▶ Stored data:

##########

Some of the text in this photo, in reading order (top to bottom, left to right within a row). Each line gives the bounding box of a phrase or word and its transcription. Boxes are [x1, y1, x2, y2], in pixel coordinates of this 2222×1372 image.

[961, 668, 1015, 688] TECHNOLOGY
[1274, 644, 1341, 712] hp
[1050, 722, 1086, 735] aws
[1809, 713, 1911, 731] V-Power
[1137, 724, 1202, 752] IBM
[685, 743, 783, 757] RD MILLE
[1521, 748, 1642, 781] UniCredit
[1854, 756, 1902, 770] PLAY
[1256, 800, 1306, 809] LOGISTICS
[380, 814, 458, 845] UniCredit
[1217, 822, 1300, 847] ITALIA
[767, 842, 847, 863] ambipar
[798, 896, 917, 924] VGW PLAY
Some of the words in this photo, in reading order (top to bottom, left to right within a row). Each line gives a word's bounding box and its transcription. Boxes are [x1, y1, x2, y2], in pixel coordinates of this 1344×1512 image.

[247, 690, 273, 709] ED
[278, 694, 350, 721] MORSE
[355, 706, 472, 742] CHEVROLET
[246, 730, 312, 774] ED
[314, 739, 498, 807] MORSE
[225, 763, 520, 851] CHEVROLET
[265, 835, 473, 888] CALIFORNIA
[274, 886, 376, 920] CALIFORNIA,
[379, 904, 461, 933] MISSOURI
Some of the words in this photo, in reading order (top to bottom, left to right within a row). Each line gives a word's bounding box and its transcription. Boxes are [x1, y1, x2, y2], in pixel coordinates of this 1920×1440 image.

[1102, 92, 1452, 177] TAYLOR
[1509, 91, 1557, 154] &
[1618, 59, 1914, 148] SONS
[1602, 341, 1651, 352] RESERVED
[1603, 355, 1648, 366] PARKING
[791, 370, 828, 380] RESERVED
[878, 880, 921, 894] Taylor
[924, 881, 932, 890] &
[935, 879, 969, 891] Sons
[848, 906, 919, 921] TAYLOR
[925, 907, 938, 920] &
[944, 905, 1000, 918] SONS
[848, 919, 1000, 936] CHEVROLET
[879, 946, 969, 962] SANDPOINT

##########

▶ Aim of the task:
Produce an exact copy of the entries above.

▶ Output of the task:
Some of the text in this photo, in reading order (top to bottom, left to right within a row). Each line gives the bounding box of a phrase or word and its transcription. Boxes are [x1, y1, x2, y2], in pixel coordinates of this 2222×1372 image.

[961, 668, 1015, 688] TECHNOLOGY
[1274, 644, 1341, 712] hp
[1050, 722, 1086, 735] aws
[1809, 713, 1911, 731] V-Power
[1137, 724, 1202, 752] IBM
[685, 743, 783, 757] RD MILLE
[1521, 748, 1642, 781] UniCredit
[1854, 756, 1902, 770] PLAY
[1256, 800, 1306, 809] LOGISTICS
[380, 814, 458, 845] UniCredit
[1217, 822, 1300, 847] ITALIA
[767, 842, 847, 863] ambipar
[798, 896, 917, 924] VGW PLAY
Some of the words in this photo, in reading order (top to bottom, left to right within a row). Each line gives a word's bounding box and its transcription. Boxes are [x1, y1, x2, y2], in pixel coordinates of this 1344×1512 image.

[247, 690, 273, 709] ED
[278, 694, 350, 721] MORSE
[355, 706, 472, 742] CHEVROLET
[246, 730, 312, 774] ED
[314, 739, 498, 807] MORSE
[225, 763, 520, 851] CHEVROLET
[265, 835, 473, 888] CALIFORNIA
[274, 886, 376, 920] CALIFORNIA,
[379, 904, 461, 933] MISSOURI
Some of the words in this photo, in reading order (top to bottom, left to right within a row). Each line gives a word's bounding box and its transcription. Boxes are [x1, y1, x2, y2], in pixel coordinates of this 1920×1440 image.

[1102, 92, 1452, 177] TAYLOR
[1509, 91, 1557, 154] &
[1618, 59, 1914, 148] SONS
[1602, 341, 1651, 352] RESERVED
[1603, 355, 1648, 366] PARKING
[791, 370, 828, 380] RESERVED
[878, 880, 921, 894] Taylor
[924, 881, 932, 890] &
[935, 879, 969, 891] Sons
[848, 906, 919, 921] TAYLOR
[925, 907, 938, 920] &
[944, 905, 1000, 918] SONS
[848, 919, 1000, 936] CHEVROLET
[879, 946, 969, 962] SANDPOINT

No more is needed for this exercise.